[[ Provided material open ]]

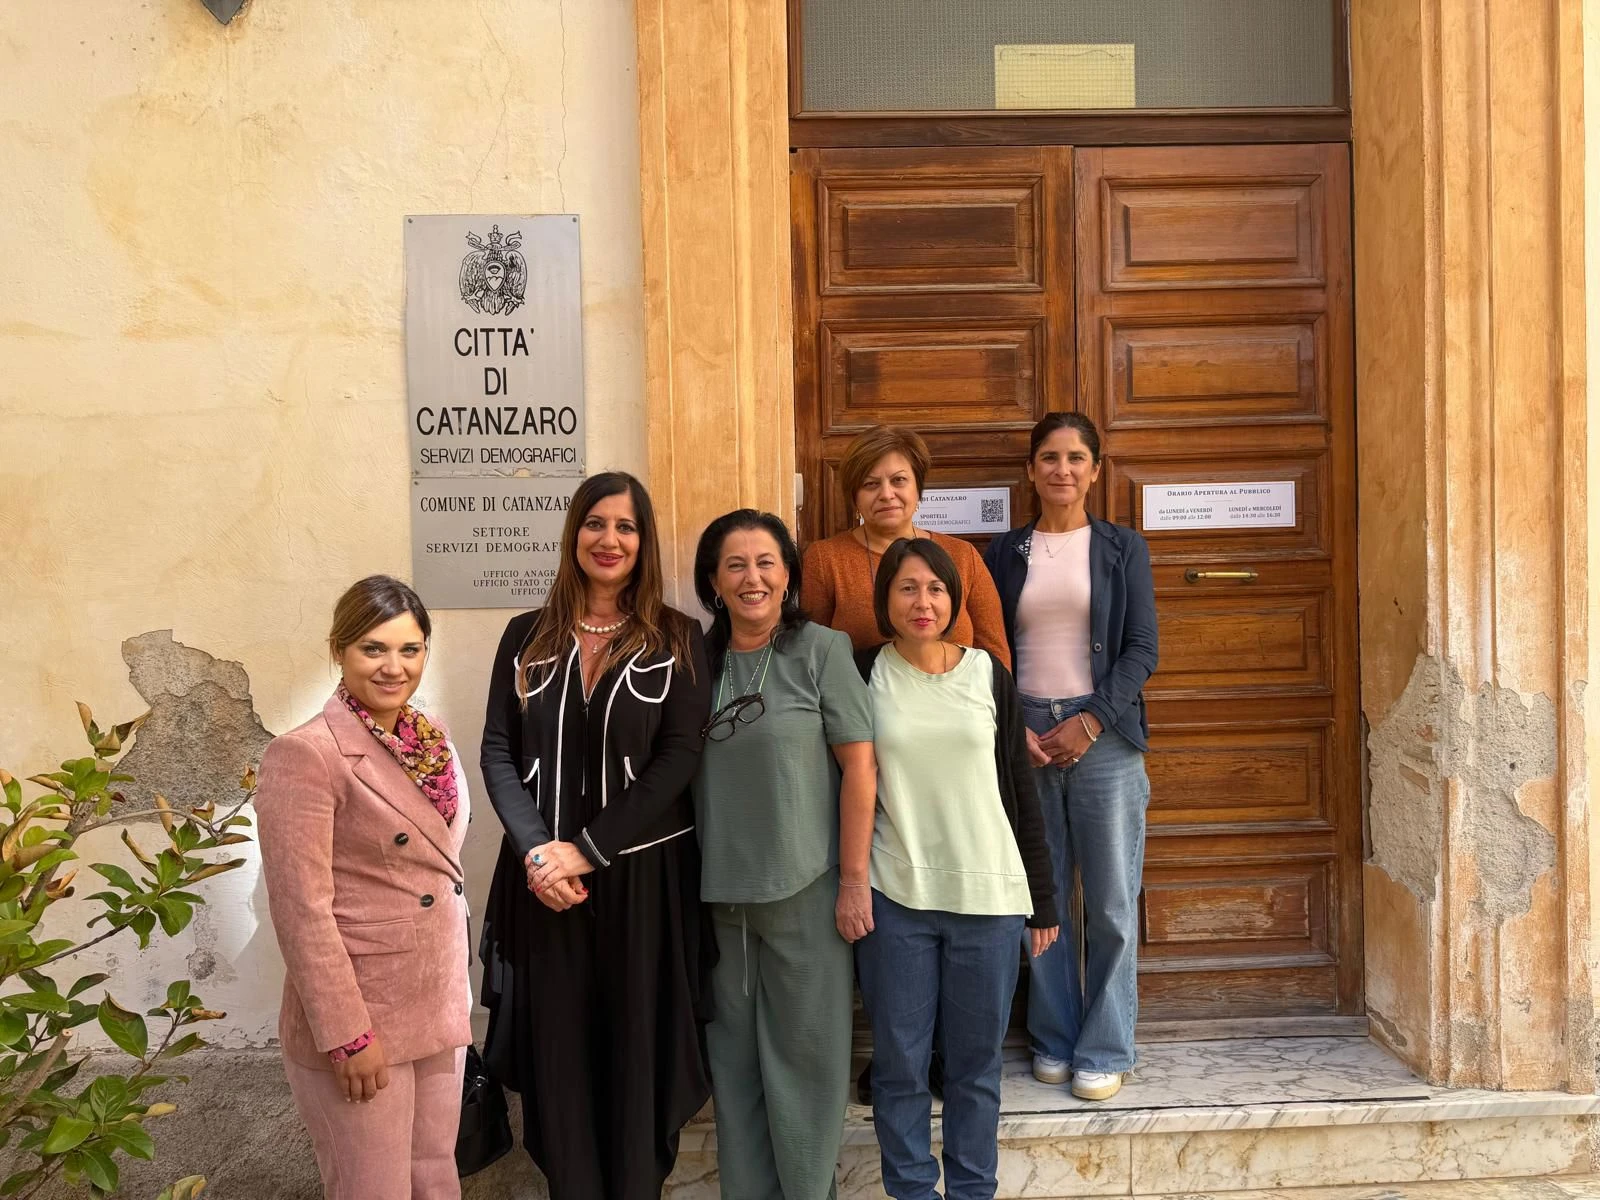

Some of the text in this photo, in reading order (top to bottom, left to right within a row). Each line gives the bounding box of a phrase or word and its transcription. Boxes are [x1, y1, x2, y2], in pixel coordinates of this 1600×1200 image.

[454, 327, 535, 357] CITTA'
[484, 367, 508, 396] DI
[416, 406, 578, 436] CATANZARO
[420, 447, 577, 464] SERVIZI DEMOGRAFICI
[420, 496, 571, 512] COMUNE DI CATANZAR
[472, 527, 530, 537] SETTORE
[426, 542, 561, 553] SERVIZI DEMOGRAF
[484, 569, 556, 578] UFFICIO ANAGR
[473, 579, 509, 587] UFFICIO
[513, 579, 540, 587] STATO
[511, 587, 547, 595] UFFICIO
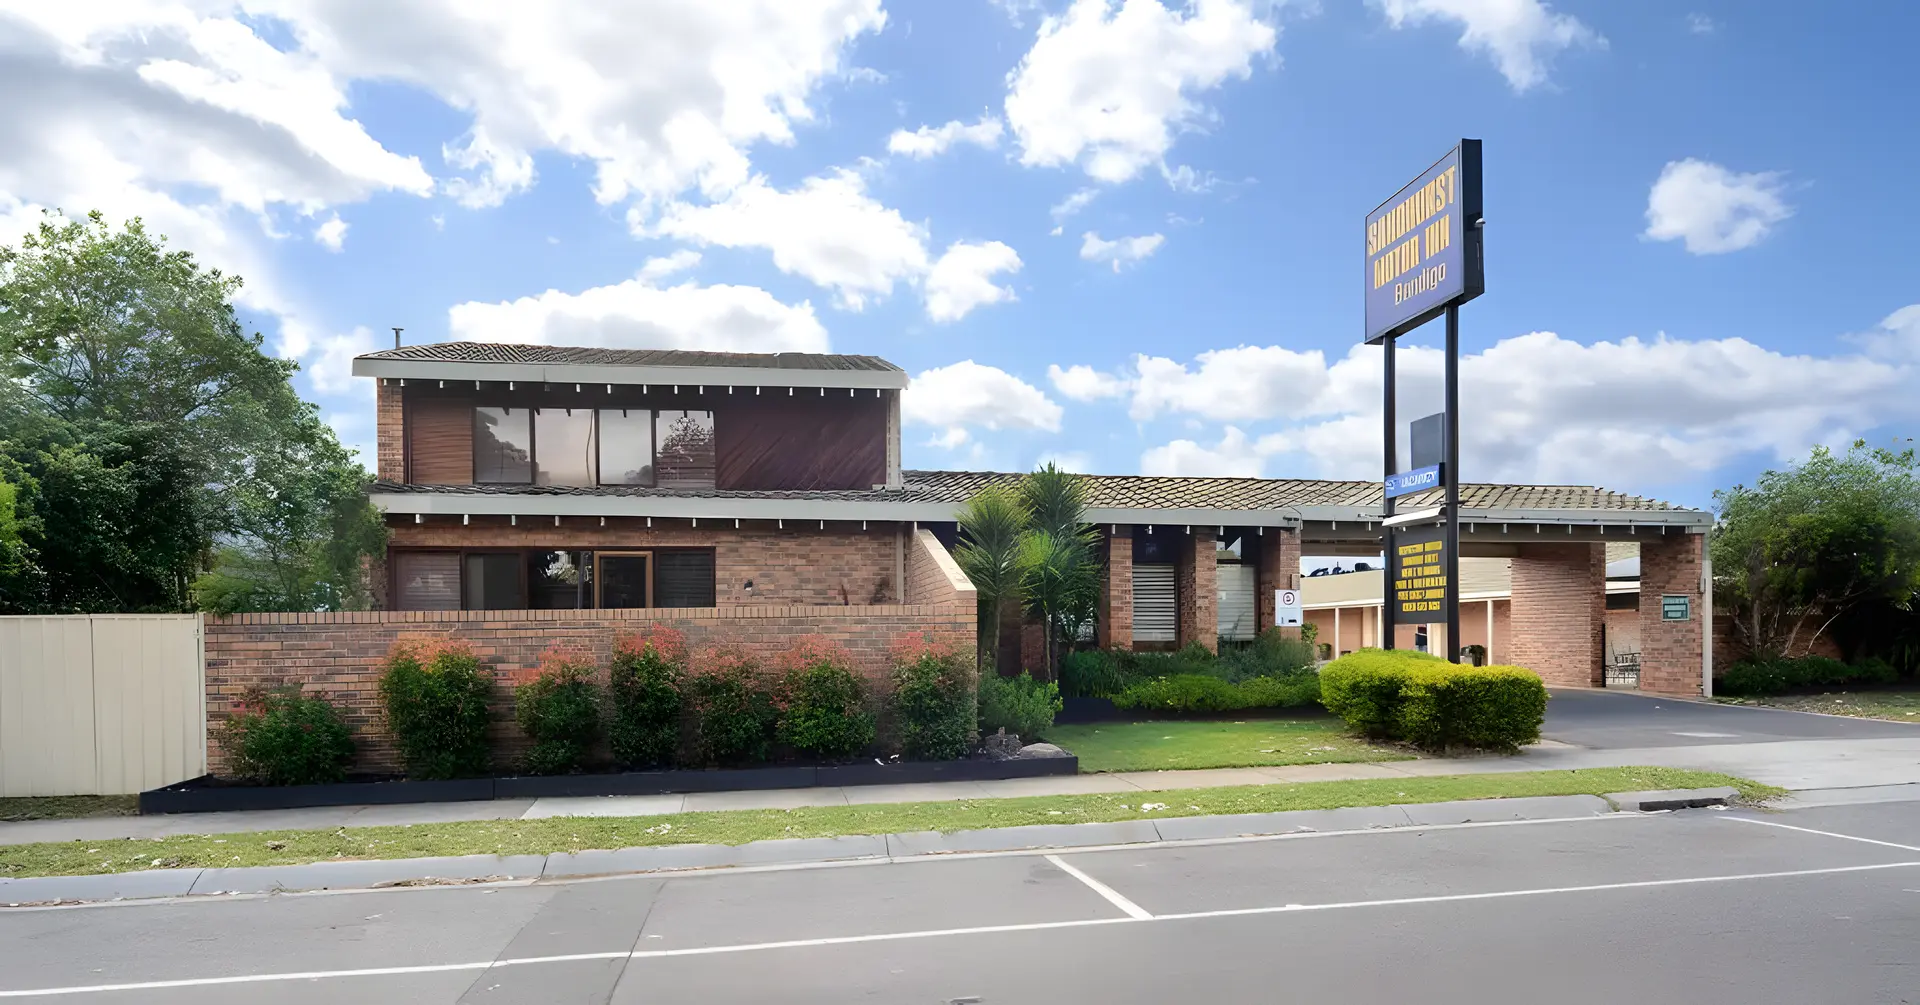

[[ Provided material closed ]]

» **Task prompt**
Repeat the data word for word. Images are not part of the copy.

» **Solution**
Some of the text in this photo, in reading order (top to bottom, left to right within a row). Each line gives the bounding box of a phrase or word and its transcription. Boxes are [x1, y1, x2, y2], in pixel coordinates of this 1600×1200 image.

[454, 327, 535, 357] CITTA'
[484, 367, 508, 396] DI
[416, 406, 578, 436] CATANZARO
[420, 447, 577, 464] SERVIZI DEMOGRAFICI
[420, 496, 571, 512] COMUNE DI CATANZAR
[472, 527, 530, 537] SETTORE
[426, 542, 561, 553] SERVIZI DEMOGRAF
[484, 569, 556, 578] UFFICIO ANAGR
[473, 579, 509, 587] UFFICIO
[513, 579, 540, 587] STATO
[511, 587, 547, 595] UFFICIO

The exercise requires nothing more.